To keep this example reasonably small (and therefore fast) we'll try to work with a smallish set of books that is large enough to work reasonably well.
To begin with, we'll use the catalogue API to search for "typhoid".

(see https://developers.wellcomecollection.org/docs/examples for much more about working with the API)

In [None]:
catalogue_base_url = 'https://api.wellcomecollection.org/catalogue/v2/'

response = requests.get(
    catalogue_base_url + 'works',
    params={
        'include': 'identifiers,subjects,production',
        'pageSize': 100,
        'query': 'typhoid',
    },
)
if response.status_code != 200:
  print('error', file = sys.stderr)
response_data = response.json()
for k, v in response_data.items():
    if k == 'results': continue #there will be loads of this
    print(f'{k}: {v}')


Last time I updated this cell I got 1099 `totalResults`. Your results may differ, depending upon how Wellcome's collection has changed in the meantime. Anyway, this feels like a nice number of texts to start working with. Let's learn some more about them.

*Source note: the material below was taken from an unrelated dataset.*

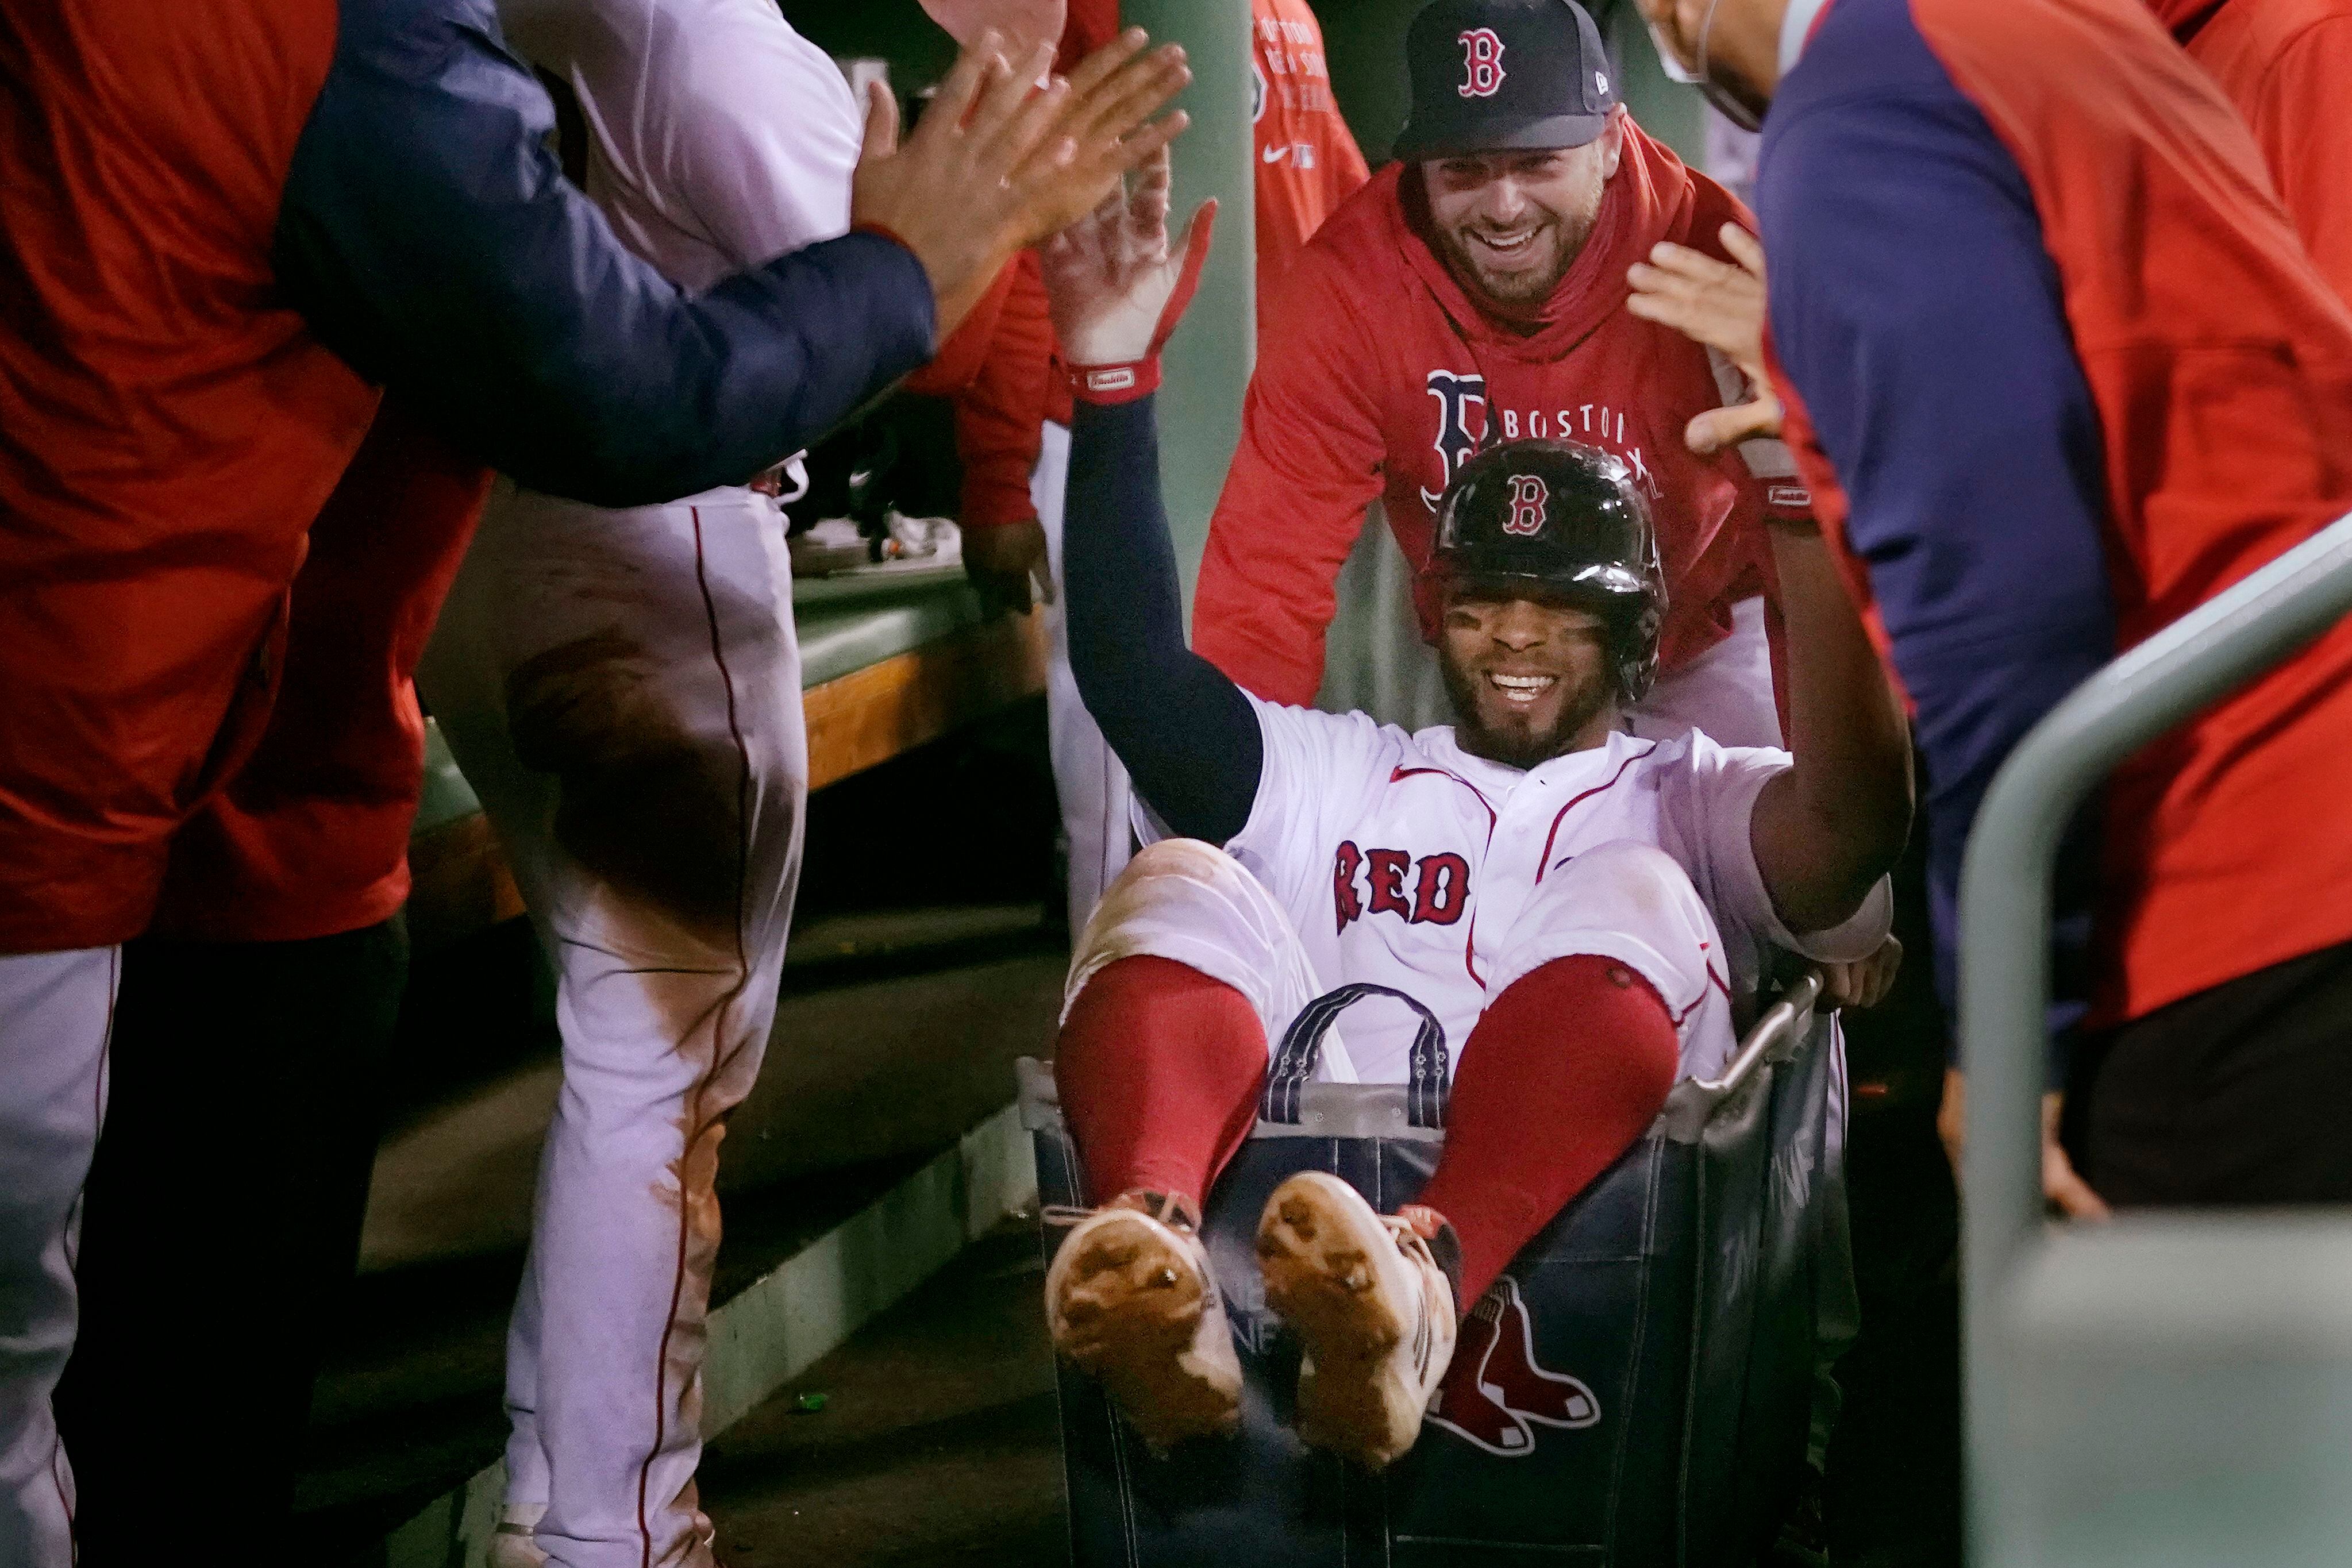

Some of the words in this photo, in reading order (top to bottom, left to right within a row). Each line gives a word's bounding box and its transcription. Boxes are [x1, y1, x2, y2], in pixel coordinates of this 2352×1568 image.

We'll start by downloading the catalogue data for all of the pages of results.

In [None]:
#let's have a progress bar
catalogue_bar = tqdm(
  unit = 'pages',
  total = response_data['totalPages'],
  desc = 'downloading catalogue data',
)

#We already got the first page of results in the previous cell
catalogue_bar.update(1)
works = response_data['results']

#Now we'll add all of the other pages of results to the list "works"
while 'nextPage' in response_data:
  response = requests.get(response_data['nextPage'])
  catalogue_bar.update(1)
  if response.status_code != 200:
    print('error', file = sys.stderr)
  response_data = response.json()
  works.extend(response_data['results'])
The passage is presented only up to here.